Still not convinced? Well, the main actors are Jim Carrey and Kate Winslet. I don’t like either of them. I have been bored and annoyed both by Jim Carrey’s hyper-active comedy acting and by Kate Winslet’s sighs and eyelashes. But in this movie both of them have jumped up several leagues in my appreciation. Both have moments in which they are actually attractive and interesting – who would have thought that?

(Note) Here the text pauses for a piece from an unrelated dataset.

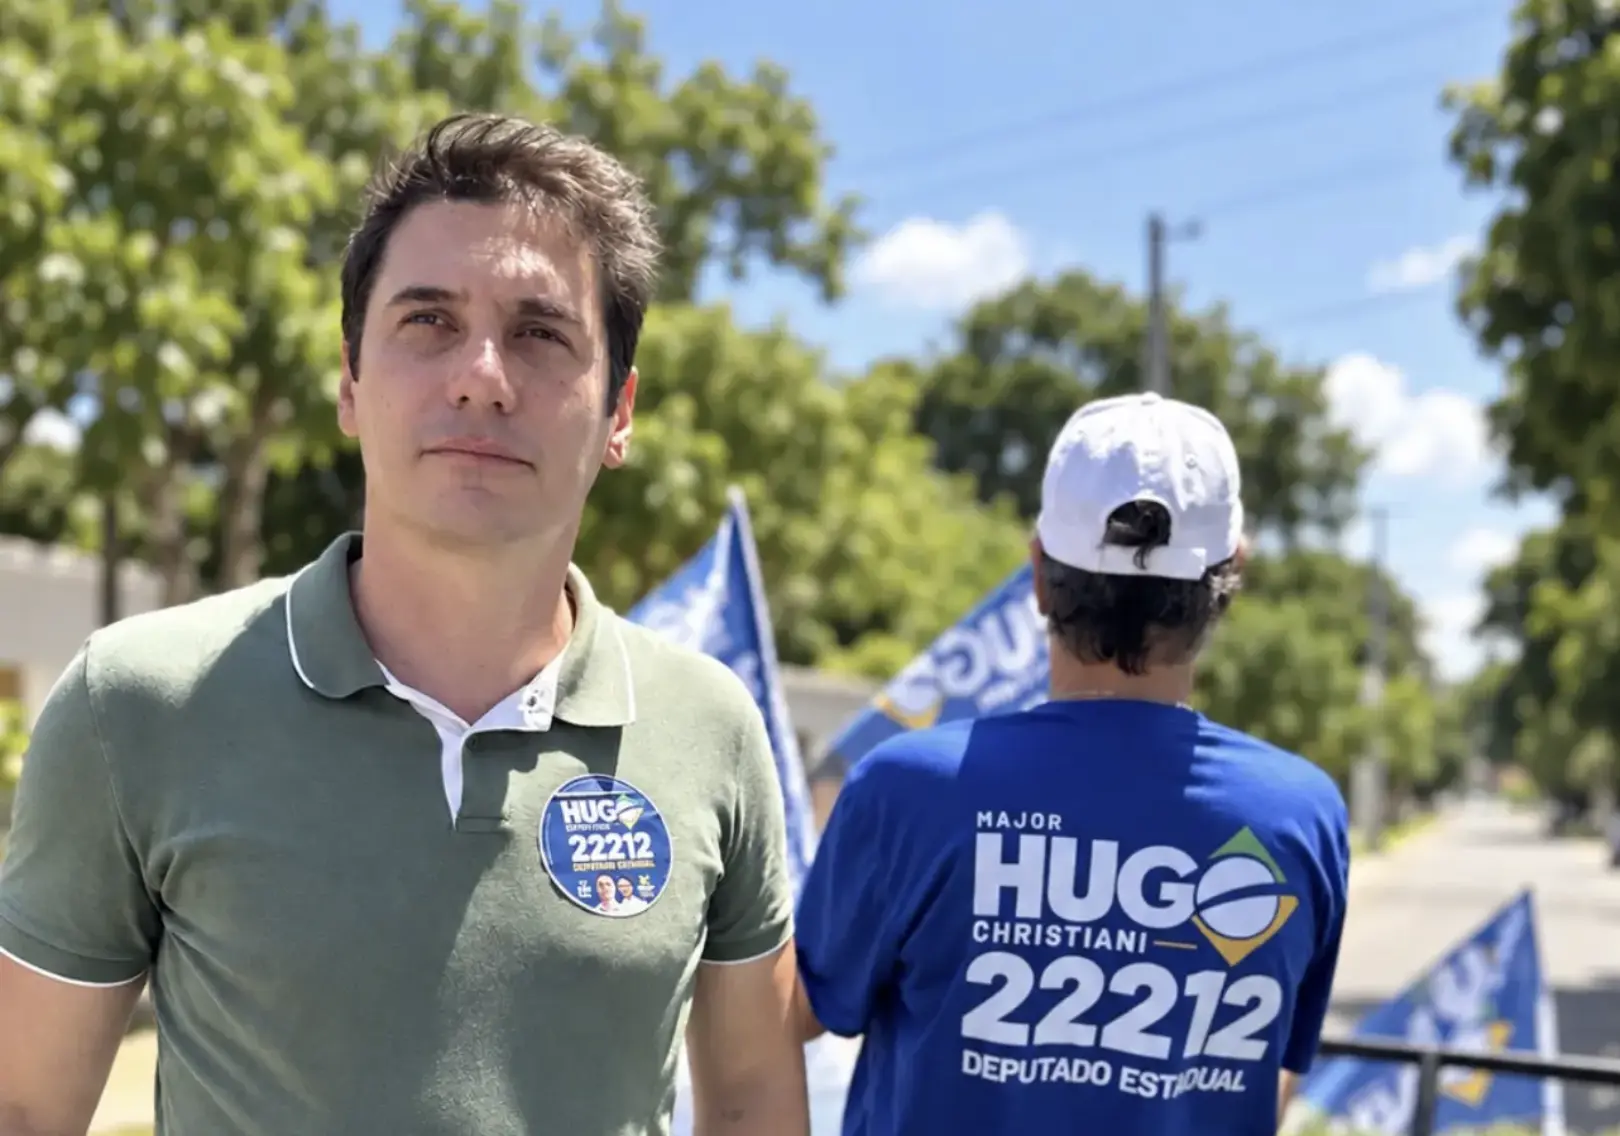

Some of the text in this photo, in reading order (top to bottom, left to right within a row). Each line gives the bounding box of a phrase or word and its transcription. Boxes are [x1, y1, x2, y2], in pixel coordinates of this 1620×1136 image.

I could continue and elaborate this hymn even further, but I don’t want to waste your time which is better spent organizing a visit to a movie theater with a few friends.
One more thing, though… this is not only a movie of interesting ideas, but it also is a very beautiful and powerful love story.
IMBd entry | Trailer

Gegen die Wand und mitten rein.

Monday, June 28th, 2004

Bis vor kurzem gehörte ich ja auch noch zu den Leuten, die Gegen die Wand noch nicht gesehen haben, obwohl dieser Film ja bekanntlich gut sein soll und den Publikumspreis bei der Berlinale gewonnen hat. Alles Lob zu recht. Habe den Film in einem kleinen Kinosaal in Darmstadt gesehen, aber das hat diesem Film keinen Abbruch getan – trotz schneller, manchmal fast Videocliphaft anmutender Schnitte kommt kein Viva oder MTV Gefühl auf. Der Film ist sehr intensiv; Darsteller, Dialoge und Kamera erzeugen eine stimmige, starke Atmosphäre. Der Soundtrack ist ebenfalls sehr gut – ich warte schon gespannt darauf, in Dörtes Kopie noch einmal rein zu lauschen. Dieser Film ist so, wie Reality Bites gerne gewesen wäre. Ach ja: der Film spielt zu einem großen Teil in Hamburg.
IMBd entry | Homepage

Actually entertaining, therefore much better.

Monday, June 21st, 2004

I never thought I would go and watch another Harry Potter sequel in a movie theater, thinking that I might as well throw the money from my balcony and be a happier Lars than I would have been after watching The Prisoner Of Azkaban. Then I heard that the director of this movie is the director of the fabulous Y Tu Mama Tambien and suddenly became interested. I liked this movie a lot more than the other two; it was magical and the setting both gloomier and more fairy-tale-like. Nonetheless, I wouldn’t recommend this movie to people who don’t like fantasy settings or the Harry Potter series. For such an audience, the movie is not good enough. I was very relieved that it wasn’t as bland and superficially funny as the first two movies. Do I have to mention that I would have totally adored Emma Watson (a.k.a. Hermione) in my teens?
IMDb entry | Trailer

Ignoring that the private is political.

Sunday, June 6th, 2004

Without following this motto watching The Day After Tomorrow is barely bearable. Too many clichées and stereotypes, bland dialogue, and unconvincing storylining. However, not only are the special effects adequately large scaled, but there are also some pretty funny stabs at US politics and the north-south divide – I for my part wouldn’t have expected so much (albeit implicit) criticism of US politics. Which doesn’t say that much because I expected almost nothing…
IMDb entry | Trailer

Pink Panther at Tiffany’s.

Tuesday, June 1st, 2004

Yesterday we saw Breakfast at Tiffany’s on TV – it is not only a romantic but also a seriously funny movie. Somehow I haven’t noticed this before knowing who the director is: Blake Edwards, who won this year’s Honorary Award Oscar. He is the director of many notoriously funny movies, including The Party and the Pink Panther series starring Peter Sellers. With that information in mind I paid more attention to detail while viewing this movie, making it an even better experience. Olli and I were planning to eventually host a Blake Edwards movie night party, which most certainly will be a big success.